* _WORK ITEM_:
Please restate each line of the material word for word and omit any pictures.

* _GIVEN RECORDS_:

•••••

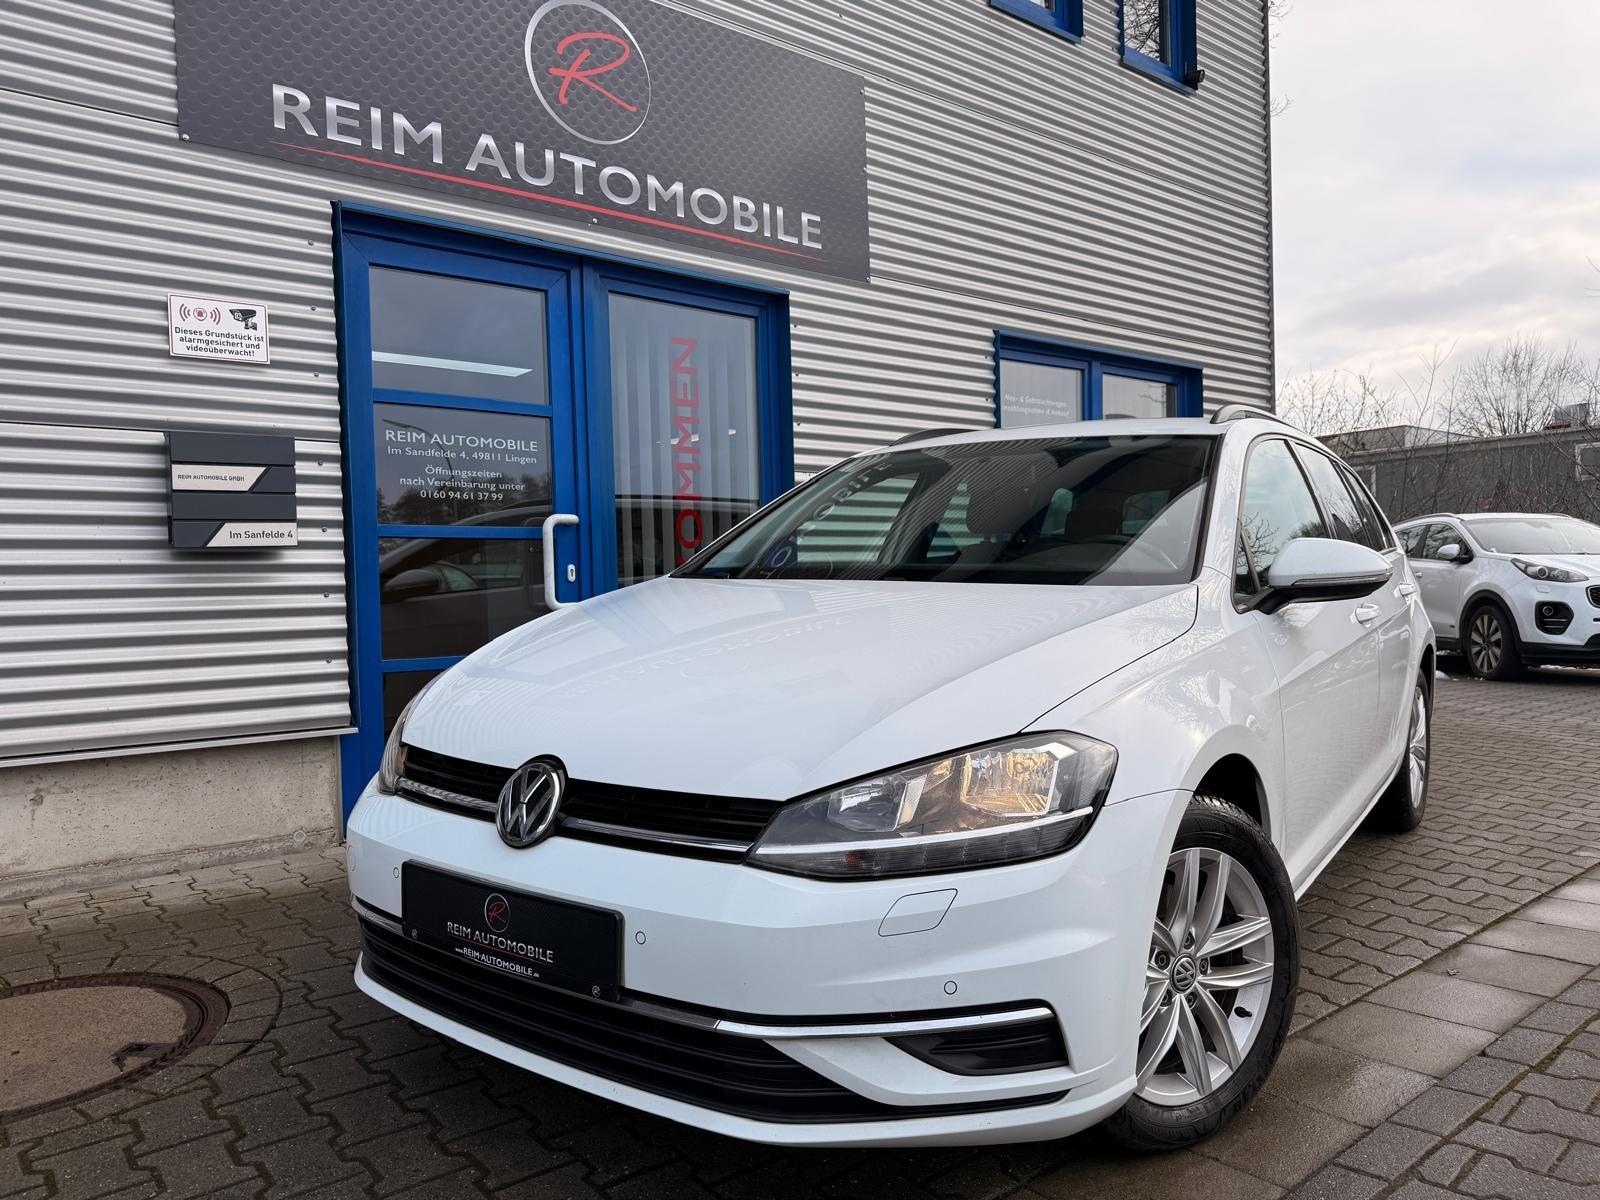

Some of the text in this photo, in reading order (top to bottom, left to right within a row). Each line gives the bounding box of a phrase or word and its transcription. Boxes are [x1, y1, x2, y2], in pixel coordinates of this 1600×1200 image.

[549, 31, 638, 113] R
[271, 83, 823, 250] REIM AUTOMOBILE
[175, 326, 203, 336] Dieses
[204, 329, 253, 341] Grundstück
[179, 336, 260, 350] alarmgesichert und
[186, 344, 255, 356] videoüberwacht!
[385, 429, 538, 452] REIM AUTOMOBILE
[387, 445, 537, 465] Im Sandfelde 4, 49811 Lingen
[671, 335, 704, 567] OMMEN
[425, 464, 503, 479] Öffnungszeiten
[400, 476, 526, 492] nach Vereinbarung unter
[420, 489, 504, 501] 0160 94 61 37 99
[229, 530, 294, 539] Im Sanfelde 4
[489, 901, 506, 924] R
[447, 921, 554, 964] REIM AUTOMOBILE
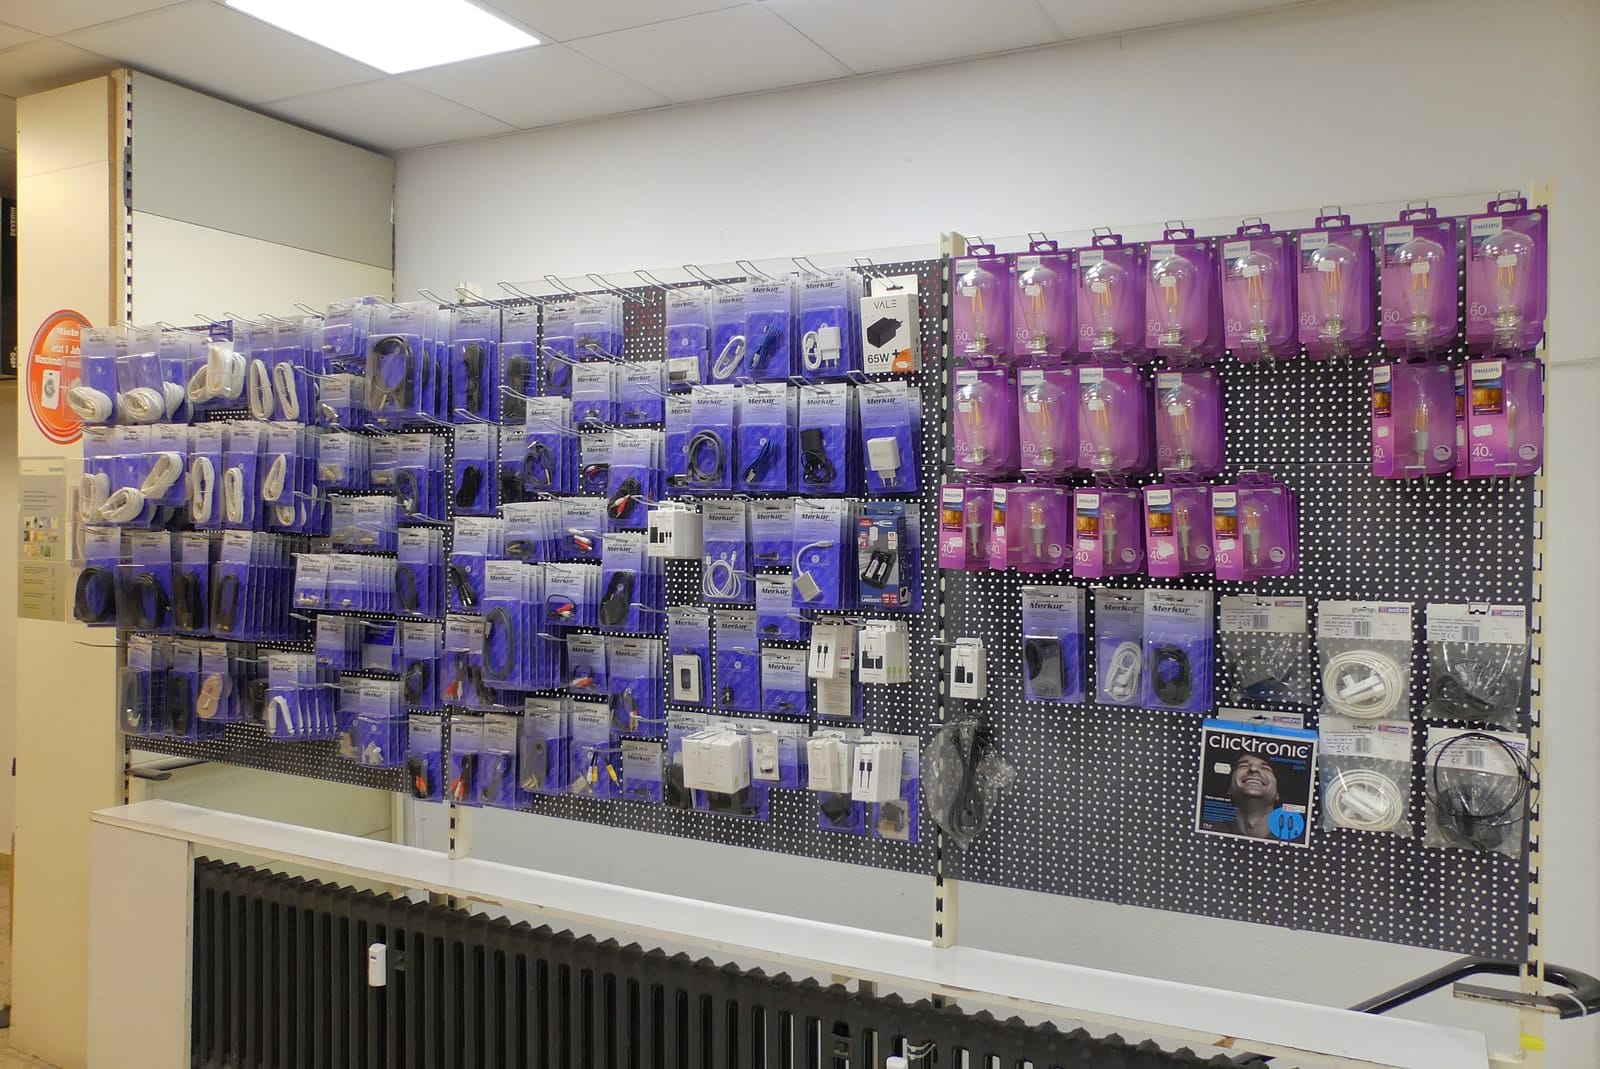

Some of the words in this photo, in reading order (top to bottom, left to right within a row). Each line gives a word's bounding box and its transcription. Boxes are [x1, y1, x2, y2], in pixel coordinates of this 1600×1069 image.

•••••

* _FINISHED TASK_:
Some of the text in this photo, in reading order (top to bottom, left to right within a row). Each line gives the bounding box of a phrase or word and its transcription. Boxes are [x1, y1, x2, y2], in pixel coordinates of this 1600×1200 image.

[549, 31, 638, 113] R
[271, 83, 823, 250] REIM AUTOMOBILE
[175, 326, 203, 336] Dieses
[204, 329, 253, 341] Grundstück
[179, 336, 260, 350] alarmgesichert und
[186, 344, 255, 356] videoüberwacht!
[385, 429, 538, 452] REIM AUTOMOBILE
[387, 445, 537, 465] Im Sandfelde 4, 49811 Lingen
[671, 335, 704, 567] OMMEN
[425, 464, 503, 479] Öffnungszeiten
[400, 476, 526, 492] nach Vereinbarung unter
[420, 489, 504, 501] 0160 94 61 37 99
[229, 530, 294, 539] Im Sanfelde 4
[489, 901, 506, 924] R
[447, 921, 554, 964] REIM AUTOMOBILE

Some of the words in this photo, in reading order (top to bottom, left to right within a row). Each line gives a word's bounding box and its transcription. Boxes are [x1, y1, x2, y2], in pixel coordinates of this 1600×1069 image.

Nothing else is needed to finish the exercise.